## [The task]
Without the pictures, output the records below exactly as they are.

## [Raw data]
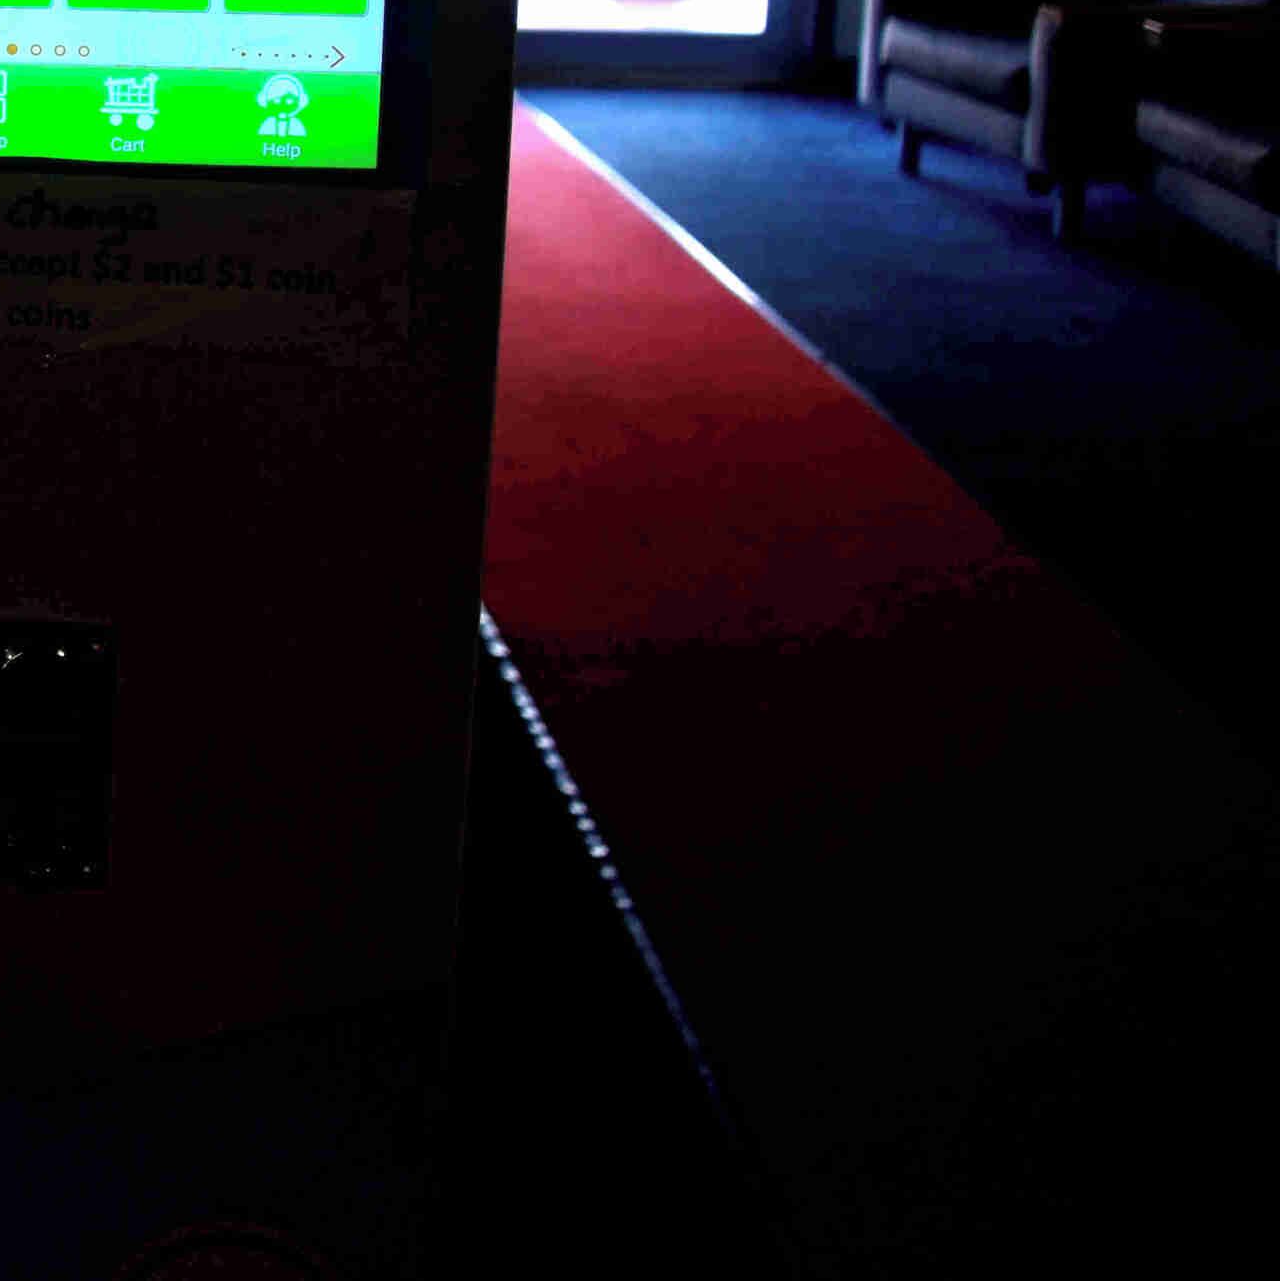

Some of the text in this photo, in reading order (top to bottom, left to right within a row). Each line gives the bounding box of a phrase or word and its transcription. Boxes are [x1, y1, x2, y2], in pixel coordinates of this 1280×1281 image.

[110, 136, 145, 153] Cart
[261, 142, 302, 161] Help
[91, 246, 132, 283] $2
[144, 256, 208, 286] and

## [Problem solution]
Some of the text in this photo, in reading order (top to bottom, left to right within a row). Each line gives the bounding box of a phrase or word and its transcription. Boxes are [x1, y1, x2, y2], in pixel coordinates of this 1280×1281 image.

[110, 136, 145, 153] Cart
[261, 142, 302, 161] Help
[91, 246, 132, 283] $2
[144, 256, 208, 286] and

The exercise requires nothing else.